- **ABOUT THIS TASK**
Could the data below be copied exactly, minus the pictures?

- **SOURCE INFORMATION**
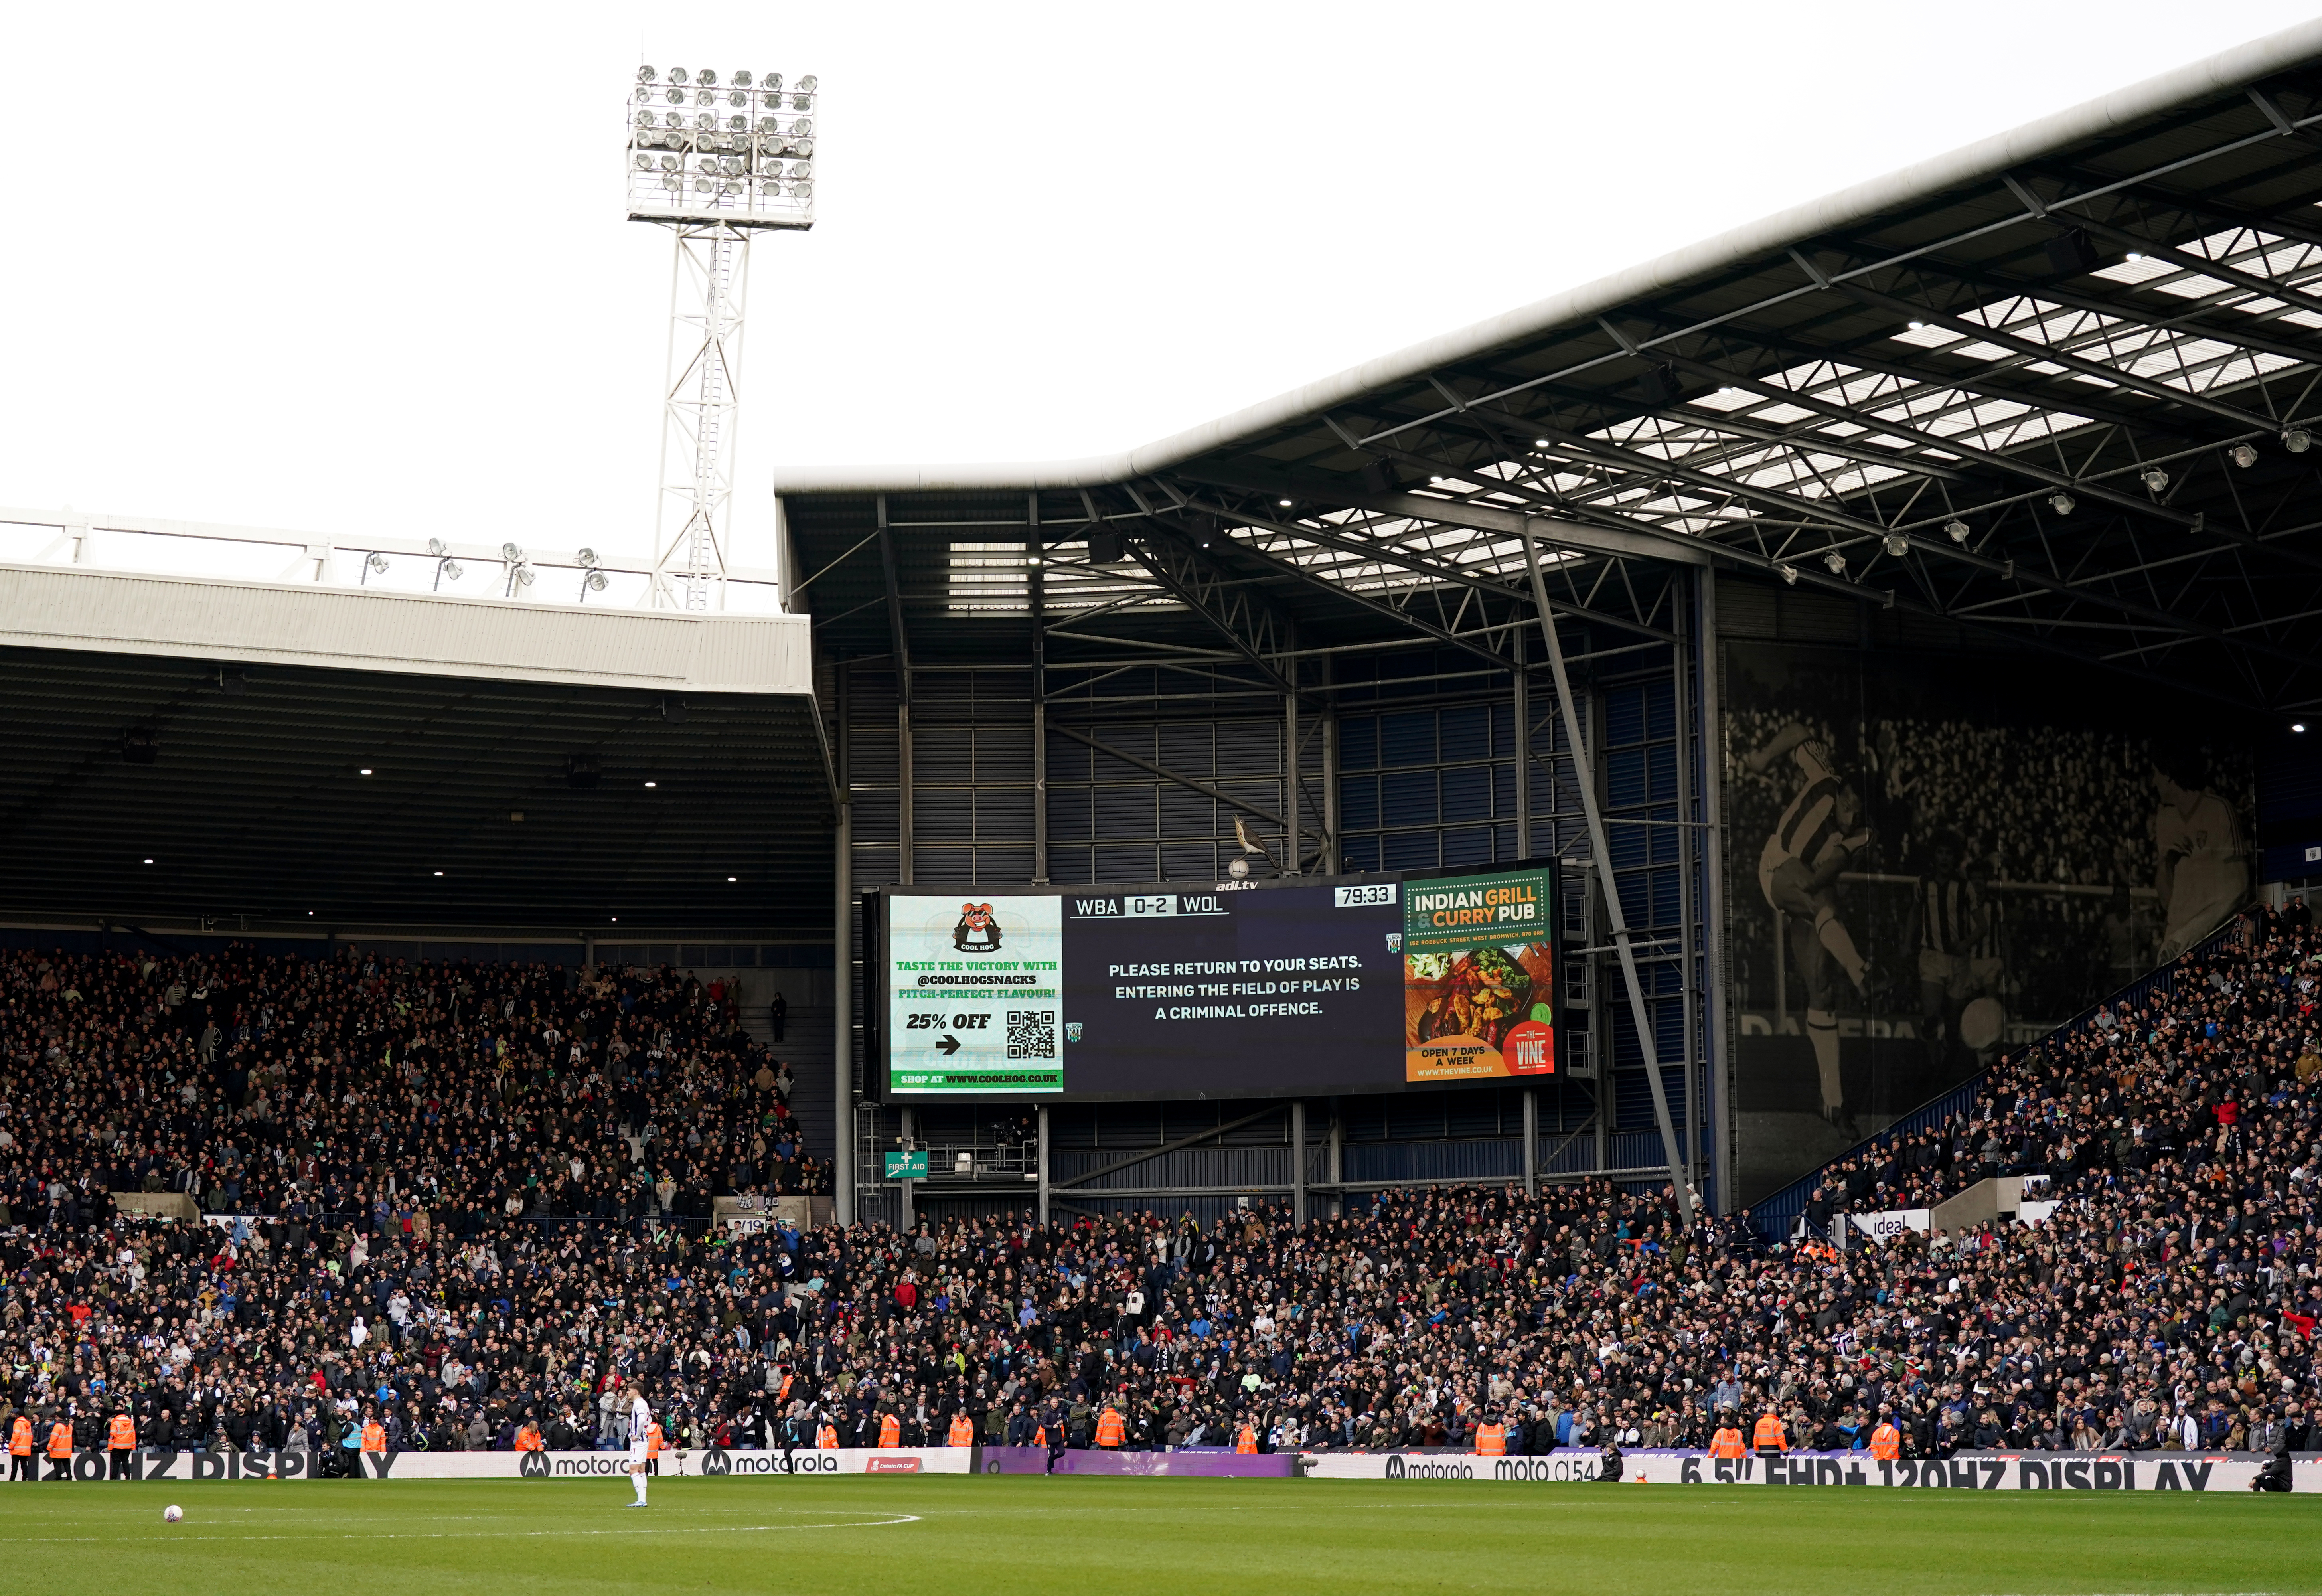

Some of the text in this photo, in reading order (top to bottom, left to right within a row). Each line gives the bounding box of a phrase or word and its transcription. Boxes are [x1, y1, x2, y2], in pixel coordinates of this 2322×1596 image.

[1216, 881, 1258, 891] adi.tv
[1076, 896, 1223, 915] WBA 0-2 WOL
[1342, 887, 1389, 905] 79:33
[1415, 886, 1537, 911] INDIAN GRILL
[1418, 903, 1535, 928] & CURRY PUB
[896, 961, 1057, 971] TASTE THE VICTORY WITH
[1109, 955, 1362, 977] PLEASE RETURN TO YOUR SEATS.
[917, 975, 1036, 987] @COOLHOGSNACKS
[1115, 977, 1360, 999] ENTERING THE FIELD OF PLAY IS
[898, 989, 1056, 998] PITCH-PERFECT FLAVOUR!
[1155, 1001, 1323, 1020] A CRIMINAL OFFENCE.
[906, 1013, 991, 1029] 25% OFF
[1526, 1030, 1536, 1039] THE
[1422, 1046, 1485, 1058] OPEN 7 DAYS
[1436, 1056, 1475, 1066] A WEEK
[1516, 1040, 1546, 1065] VINE
[901, 1075, 928, 1083] SHOP
[946, 1075, 1058, 1083] WWW.COOLHOG.CO.UK
[1417, 1066, 1493, 1077] WWW.THEVINE.CO.UK
[1874, 1215, 1905, 1235] ideal
[192, 1452, 398, 1479] DISPY
[556, 1455, 652, 1474] motoro
[736, 1453, 837, 1472] motorola
[1408, 1460, 1473, 1479] motorola
[1495, 1456, 1549, 1481] moto

- **WORKED SOLUTION**
Some of the text in this photo, in reading order (top to bottom, left to right within a row). Each line gives the bounding box of a phrase or word and its transcription. Boxes are [x1, y1, x2, y2], in pixel coordinates of this 2322×1596 image.

[1216, 881, 1258, 891] adi.tv
[1076, 896, 1223, 915] WBA 0-2 WOL
[1342, 887, 1389, 905] 79:33
[1415, 886, 1537, 911] INDIAN GRILL
[1418, 903, 1535, 928] & CURRY PUB
[896, 961, 1057, 971] TASTE THE VICTORY WITH
[1109, 955, 1362, 977] PLEASE RETURN TO YOUR SEATS.
[917, 975, 1036, 987] @COOLHOGSNACKS
[1115, 977, 1360, 999] ENTERING THE FIELD OF PLAY IS
[898, 989, 1056, 998] PITCH-PERFECT FLAVOUR!
[1155, 1001, 1323, 1020] A CRIMINAL OFFENCE.
[906, 1013, 991, 1029] 25% OFF
[1526, 1030, 1536, 1039] THE
[1422, 1046, 1485, 1058] OPEN 7 DAYS
[1436, 1056, 1475, 1066] A WEEK
[1516, 1040, 1546, 1065] VINE
[901, 1075, 928, 1083] SHOP
[946, 1075, 1058, 1083] WWW.COOLHOG.CO.UK
[1417, 1066, 1493, 1077] WWW.THEVINE.CO.UK
[1874, 1215, 1905, 1235] ideal
[192, 1452, 398, 1479] DISPY
[556, 1455, 652, 1474] motoro
[736, 1453, 837, 1472] motorola
[1408, 1460, 1473, 1479] motorola
[1495, 1456, 1549, 1481] moto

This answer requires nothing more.